> About this exercise
The expected output is every line of the data exactly as shown, minus the images.

** Opening Records block **

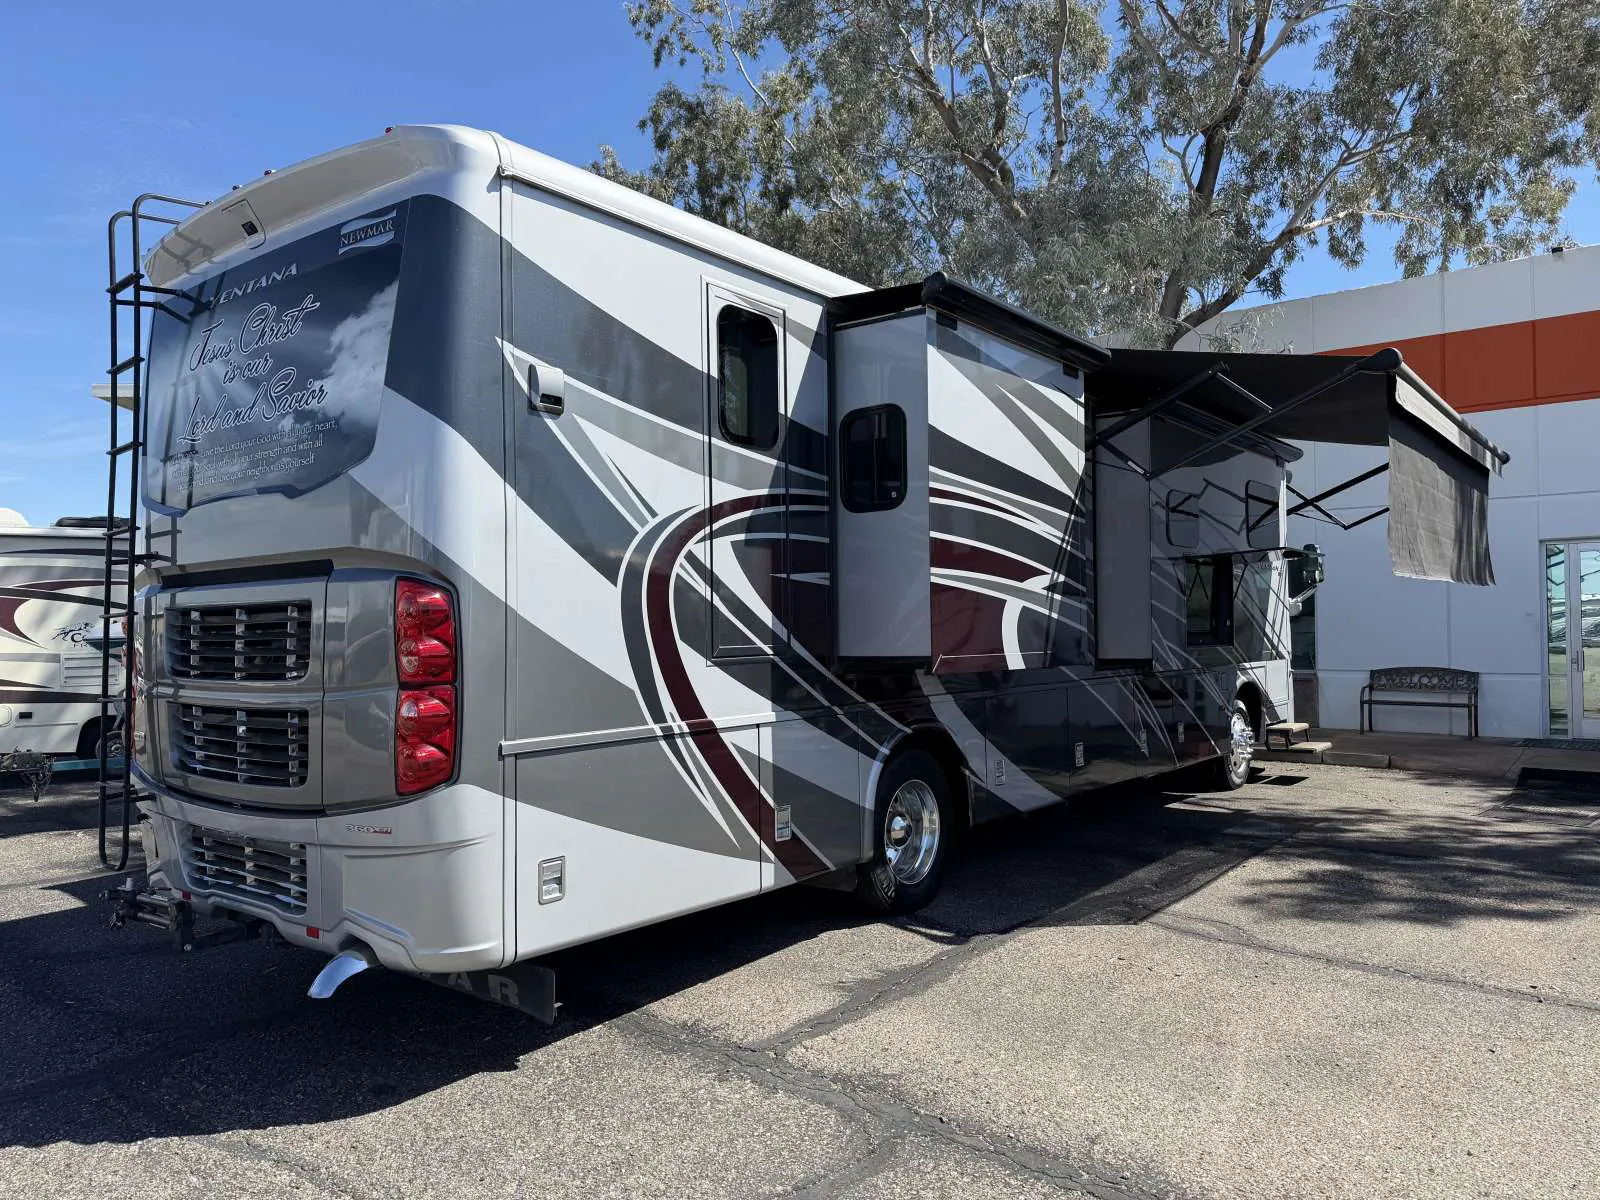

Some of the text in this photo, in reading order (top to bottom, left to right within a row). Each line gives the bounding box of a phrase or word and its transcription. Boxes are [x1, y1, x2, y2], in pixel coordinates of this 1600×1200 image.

[340, 219, 393, 247] NEWMAR
[209, 262, 298, 309] VENTANA
[189, 293, 321, 372] Jesus Christ
[223, 352, 273, 385] is our
[177, 366, 329, 444] Lord and Savior

** Closing Records block **

> Task result
Some of the text in this photo, in reading order (top to bottom, left to right within a row). Each line gives the bounding box of a phrase or word and its transcription. Boxes are [x1, y1, x2, y2], in pixel coordinates of this 1600×1200 image.

[340, 219, 393, 247] NEWMAR
[209, 262, 298, 309] VENTANA
[189, 293, 321, 372] Jesus Christ
[223, 352, 273, 385] is our
[177, 366, 329, 444] Lord and Savior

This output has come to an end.